In September 1967, Bramwell Smith returned to Canada where he served as the music director of the Royal Canadian Mounted Police Band. He first joined the RCMP as a Constable and thereafter was promoted to Staff Sergeant, then Inspector, and then Superintendent, which is the position he would hold until 1975. Bramwell Smith's addition to the RCMP helped make the band more "dynamic" and he helped bring a mix of old and new songs to the group. Bramwell Smith reportedly earned the nicknames "Memorable Music Man Mountie" and "Captain Colgate" because of his smile during those years. Under Bramwell Smith, the RCMP put out its first recording "Dynamic Sound". The RCMP also played at several international events including Hemisfair in San Antonio, Texas in 1968, the Expo '70 in Osaka, Japan in 1970, the Eastern States Exposition in Springfield, Massachusetts, a "TV Christmas Special with the Girls' Choir from St. F.X. University", "the opening of the Larsen Building in Yellowknife", and the Waltz from Swan Lake for the National Ballet of Canada. RCMP Commissioner William Leonard Higgitt once reportedly stated that "The RCMP could have toured the entire world with [Bramwell Smith's Band]!" Bramwell Smith left the RCMP in 1974.

==Teaching and other activities==
Besides being a member of the Herald Trumpets, Bramwell Smith held various teaching positions including from 1962 to 1967 teaching at American University where he was also chairman of the brass and winds department; from 1978 to 1982 director of bands at Humber College in Toronto while also being the conductor of the Humber Concert Band from 1983 to 1986; and director of the concert band at the University of Toronto in 1987.

Bramwell Smith also worked with music companies while teaching becoming the head clinician for the company of Holton, who produced musical instruments, where he would conduct and play at university seminars on behalf of the company.
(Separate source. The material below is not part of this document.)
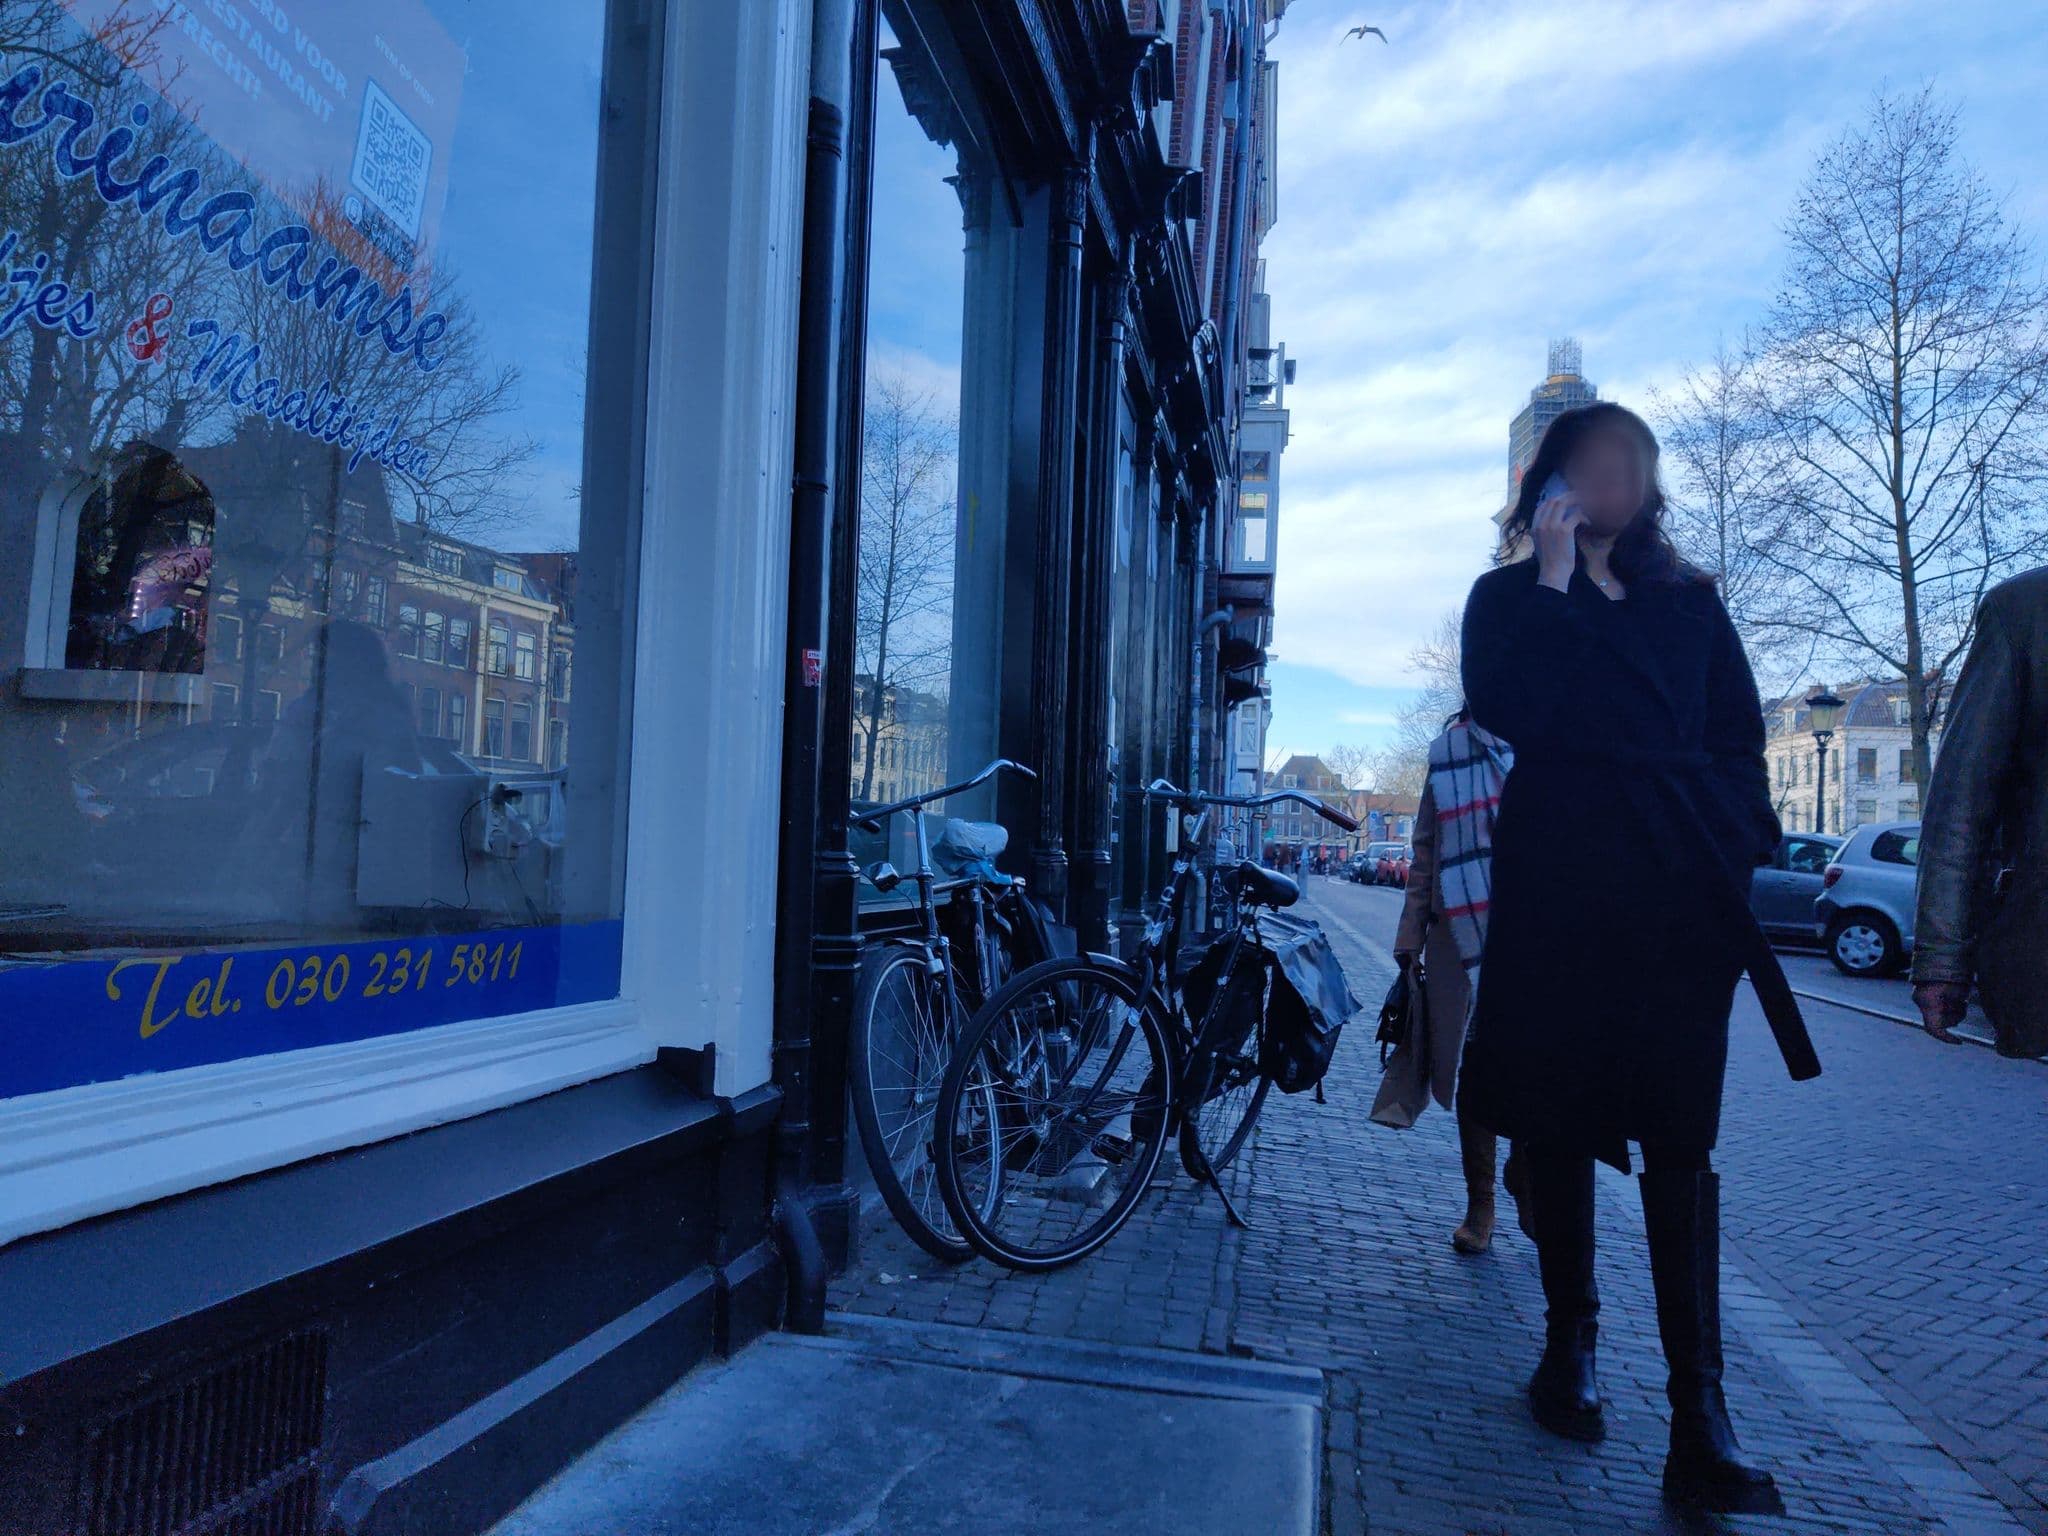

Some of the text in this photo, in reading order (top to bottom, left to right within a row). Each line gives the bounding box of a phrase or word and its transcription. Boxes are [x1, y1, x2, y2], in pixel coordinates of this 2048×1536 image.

[295, 26, 348, 100] VOOR
[125, 292, 174, 366] &
[188, 319, 431, 474] Maaltijden
[105, 940, 524, 1040] Tel. 030 231 5811
He also later became an educational consultant for Yamaha of Canada from 1975 to 1978.

Bramwell Smith held other interesting positions during his career including being a consultant to King Hassan II from 1982 to 1983 along with director of music for the Royal Moroccan Air Force Bands in Rabat, Morocco.

==Writings and recordings==
Bramwell Smith wrote "Training for reality", Music Journal, Jan 1965. Bramwell Smith's music is recorded in several albums: as a soloist trumpet player on the album "Bram Smith and His Trumpet" in 1957 published on the Golden Crest (CR 4012); as a conductor of the RCMP in "Dynamic Sound" in 1972 (Polydor 2917–068) and featured in the film Artistry in Brass.

==Family==
Bramwell Smith also taught music to his son Sergeant Major William Bramwell Smith, III. In 1974 the younger Bramwell Smith became a trumpeter with Nimmons 'N' Nine Plus Six. Bramwell Smith III was also a trumpeter in the US Army Band and a non-commissioned officer in charge (NCOIC) of the Herald Trumpets for more than a decade, where he performed the part of the high E-flat soprano.

Bramwell Smith's grandson, William Bramwell Smith, IV also was a trumpet player in the U.S. Military playing for the 257th Army Band from 2001 to 2014 and played for the 2008 Presidential Inauguration of Barack Obama. William Bramwell Smith, IV has gone on to be the Band Director for Riverside High School in Loudoun County, Virginia where he led the group to USBANDS VA State Champions for Class A (2017) and Class AA (2018). On December 29, 2024, William Bramwell Smith, IV conducted his high school concert band at Smith Square Hall and conducted the "Presidential Processional" written by William Bramwell Smith Jr. to be broadcast on Youth Music of the World for the Public Broadcasting Service.

== Death ==
William Bramwell Smith Jr. died on August 4, 1993, in Toronto, Ontario, Canada of cancer. After his death, his remains were interred in Arlington National Cemetery.